Позади оставались земли Южной Франции, молчаливые виноградники и спящие фермы, безмолвные поля и остроконечные темные изгороди из кипарисов, ширмы из высоких плотных кустов, защищающих страну от разрушительного ветра, от мистраля. И все это время Джой спала и только раз слегка шевельнулась. Джеффри одной рукой заботливо поправлял все время сползавший плед, которым она была укрыта, и даже спросил с оттенком иронии, уверена ли она, что так ей удобно. Джой, услышав мужской голос сквозь смутные грезы, по-детски пробормотала:

— Спасибо, Рекс, — и снова погрузилась в еще более глубокий сон. Джеффри не знал, испытывать ему чувство благодарности или негодования в связи с тем, что еще не пришлось обсуждать с ней сложившуюся ситуацию. Какого черта он здесь, зачем-то играет роль законченного странствующего рыцаря, призванного избавить даму от несчастного брака! Он здесь, эдакая помесь Казановы и сэра Галахада с чертами современного молодого Локинвара (в соответствии с современными требованиями). Стараясь играть свою роль для этой девушки как можно лучше, помня все время, что старая любовная история еще менее съедобна, чем вновь подогреваемая пища, приготовленная на английской кухне, и все равно готовый пройти даже через такое скучное «событие» (к удивлению своих друзей), как женитьба. Автор «Ловушки» сам попал в западню!

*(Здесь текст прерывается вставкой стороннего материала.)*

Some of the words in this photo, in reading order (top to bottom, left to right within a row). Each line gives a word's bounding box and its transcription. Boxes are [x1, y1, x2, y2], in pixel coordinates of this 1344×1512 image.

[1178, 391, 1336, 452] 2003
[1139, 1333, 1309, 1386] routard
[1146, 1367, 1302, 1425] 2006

Несмотря на пикантность ситуации, он считал, что поступает правильно.

Но здесь была еще девушка, ведущая себя как… как ребенок в коляске. Спала себе, словно сурок, между тем как Джеффри Форд (который в конце-то концов был романистом, а не водителем такси) должен был вести машину всю ночь.

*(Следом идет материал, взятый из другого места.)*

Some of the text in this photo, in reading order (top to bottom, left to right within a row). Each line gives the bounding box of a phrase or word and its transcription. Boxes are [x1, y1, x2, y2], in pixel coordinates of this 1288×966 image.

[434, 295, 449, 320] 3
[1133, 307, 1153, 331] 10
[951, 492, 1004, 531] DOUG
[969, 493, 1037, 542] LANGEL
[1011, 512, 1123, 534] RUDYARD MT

— Я ненавижу эти здешние смертные казни, — процитировал Джеффри. — Я чувствую отвращение к сумасбродным побегам от мужей.

Они мчались вперед сквозь спящий мир, не встречая вокруг ни души.

«Как только что-нибудь прояснится, надо будет позвонить в Париж, — подумал сэр Галахад-Казанова. — Позвонить в „Морис“ и заказать номер. Нет! Не номер — номера! Конечно, это ни малейшим образом не изменит мнение света». И, будучи писателем, он не мог, хоть убей, не представить себе лицо старой мисс Энни Симпетт, когда та услышит об этом ужасном скандале…

«Такой восхитительный молодой мистер Форд… Кто бы мог подумать? Я всегда говорила, что подобные происшествия полностью лишают нас веры в человеческую натуру… К чему мы идем?..»

И снова вперед сквозь теплую, постепенно тающую летнюю ночь мчался «Крайслер» по дороге, извилисто бежавшей по направлению к Авиньону и Оранжу, по дороге, которая в конце концов должна привести в Париж. Мерцающие в вышине звезды медленно бледнели и гасли одна за другой над страной виноградных лоз по мере того, как путники приближались к новому дню…

4

А двое несчастных, которых Джой возвратила в прошлое, рылись в кладовой «Монплезира» в поисках пищи.

Ни в одной французской кладовой не обнаружишь такого расточительного и разнообразного количества остатков пищи и продуктов, какое встречается в английских домах, хотя англичане и кажутся более предусмотрительными. Во французской кладовке нет ни одной из тех глиняных плошек с засохшей половинкой булки, а ведь нет ничего хуже, чем полное отсутствие хлеба. Здесь не встретишь ненакрытых тарелок с порциями холодного мяса, застывшей жирной брюссельской капустой, россыпей серовато-синего картофеля и дрожащих кусочков шоколадного бланманже.

«Хватит на день» — таков был девиз Мелани, которая никогда не оставляла ни кусочка для полуночных вурдалаков. Все, что дядя и племянник добыли в результате своего рейда, была упаковка сухого печенья, которое всегда присылали для Джой с Пикадилли, один сливочный сырок, завернутый в фольгу, и баночка креветочной пасты.

— Поедим на кухне, да?

Сейчас огромная кухня Мелани в цокольном этаже была единственным помещением на вилле, где не сохранился аромат духов и пудры мадам Жанны. Здесь царили запахи поля, цветущих трав и отличного кофе. Белые и голубые кафельные плитки на полу были безукоризненно чистыми, безупречно блестели фарфоровые, стальные и медные кухонные принадлежности на полках огромной плиты — этого французского алтаря. С военной точностью рядами выстроились кастрюли из жаропрочного стекла, фарфоровые кувшины, банки, украшенные большими синими буквами: «Кофе», «Рис», «Сахар», «Пряности» и прочее. Отмытый добела, как сплавной лес на севере Шотландии, блестел большой пустой стол, на который уселся Персиваль Артур, жадно поглощая печенье и сея град крошек вокруг, пока Рекс Траверс заваривал чай в электрическом чайнике.